# [What to work on]
What you print should match the entries exactly, only without the pictures.
------------------------------------------------------------
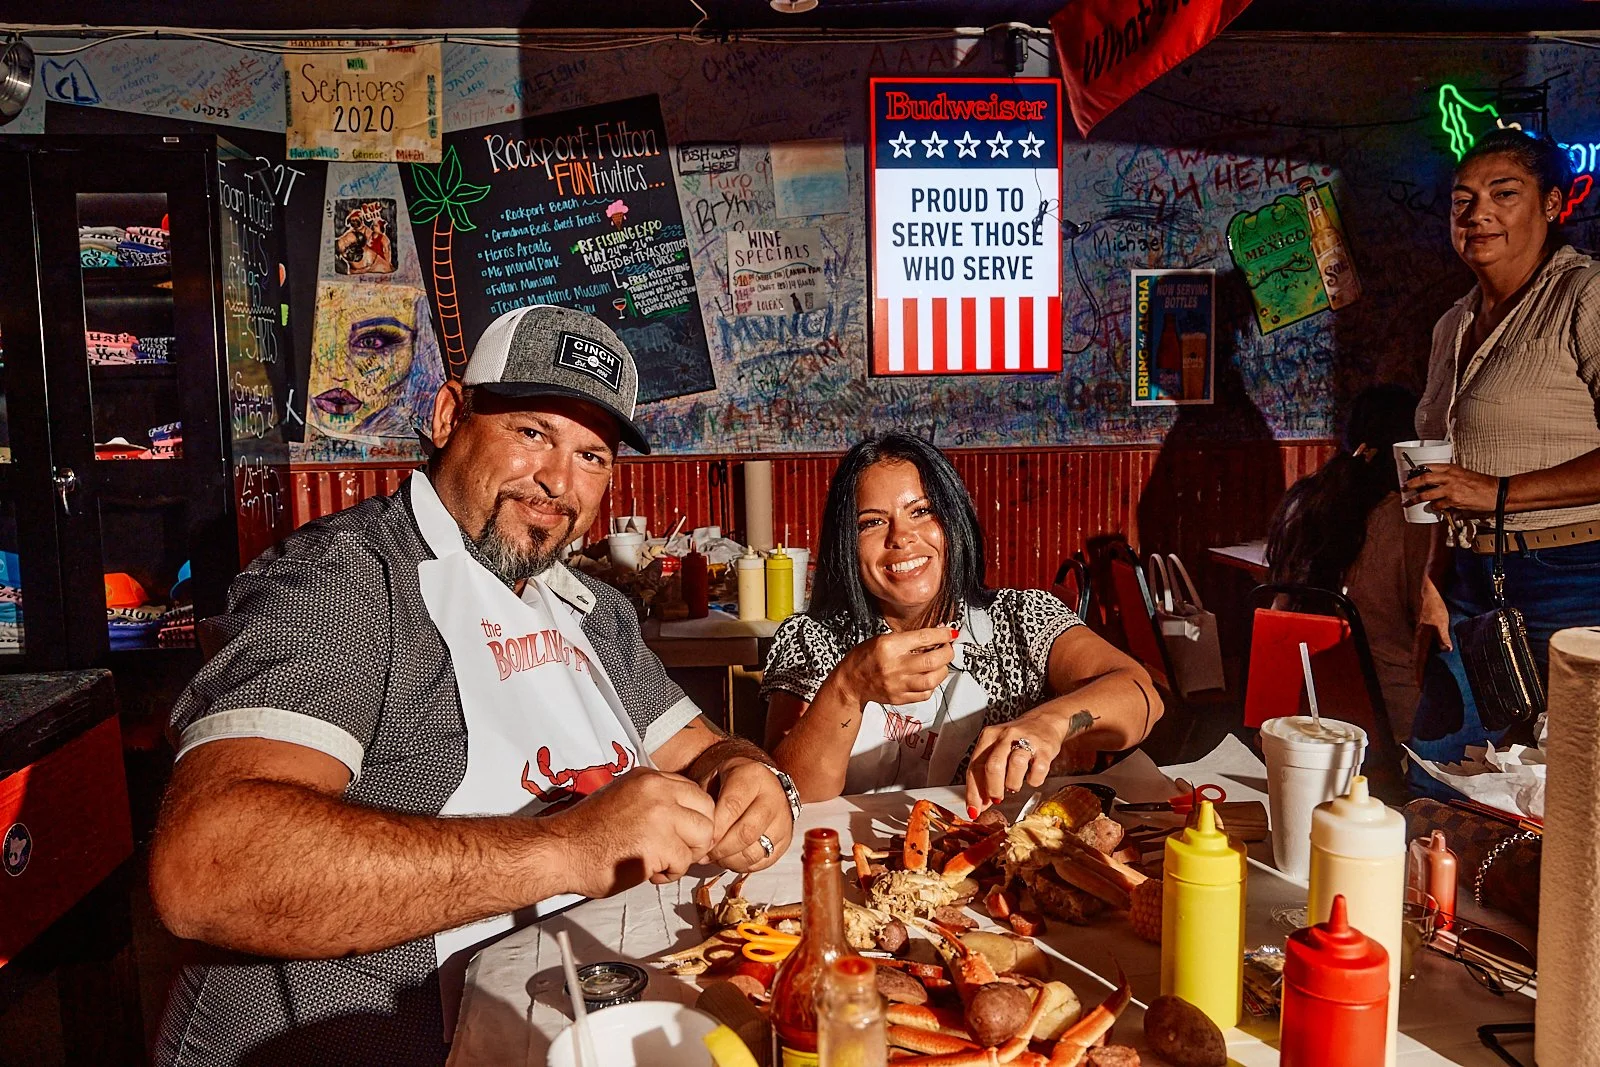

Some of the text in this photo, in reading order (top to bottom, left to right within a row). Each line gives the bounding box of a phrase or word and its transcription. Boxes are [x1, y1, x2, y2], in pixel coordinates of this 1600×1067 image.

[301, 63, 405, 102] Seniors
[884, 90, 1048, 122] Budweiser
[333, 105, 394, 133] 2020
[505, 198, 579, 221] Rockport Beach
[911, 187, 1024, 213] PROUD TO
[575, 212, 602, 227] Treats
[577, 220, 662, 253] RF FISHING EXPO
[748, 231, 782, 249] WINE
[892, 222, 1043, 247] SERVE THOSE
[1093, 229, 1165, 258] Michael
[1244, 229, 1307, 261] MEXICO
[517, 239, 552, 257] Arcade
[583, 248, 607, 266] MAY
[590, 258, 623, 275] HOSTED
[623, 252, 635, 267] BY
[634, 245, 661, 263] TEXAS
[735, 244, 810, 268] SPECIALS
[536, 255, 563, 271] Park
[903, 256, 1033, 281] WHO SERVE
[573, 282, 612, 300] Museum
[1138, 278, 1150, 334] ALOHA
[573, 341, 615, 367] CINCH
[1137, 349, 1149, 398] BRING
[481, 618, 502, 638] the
------------------------------------------------------------
# [Response]
Some of the text in this photo, in reading order (top to bottom, left to right within a row). Each line gives the bounding box of a phrase or word and its transcription. Boxes are [x1, y1, x2, y2], in pixel coordinates of this 1600×1067 image.

[301, 63, 405, 102] Seniors
[884, 90, 1048, 122] Budweiser
[333, 105, 394, 133] 2020
[505, 198, 579, 221] Rockport Beach
[911, 187, 1024, 213] PROUD TO
[575, 212, 602, 227] Treats
[577, 220, 662, 253] RF FISHING EXPO
[748, 231, 782, 249] WINE
[892, 222, 1043, 247] SERVE THOSE
[1093, 229, 1165, 258] Michael
[1244, 229, 1307, 261] MEXICO
[517, 239, 552, 257] Arcade
[583, 248, 607, 266] MAY
[590, 258, 623, 275] HOSTED
[623, 252, 635, 267] BY
[634, 245, 661, 263] TEXAS
[735, 244, 810, 268] SPECIALS
[536, 255, 563, 271] Park
[903, 256, 1033, 281] WHO SERVE
[573, 282, 612, 300] Museum
[1138, 278, 1150, 334] ALOHA
[573, 341, 615, 367] CINCH
[1137, 349, 1149, 398] BRING
[481, 618, 502, 638] the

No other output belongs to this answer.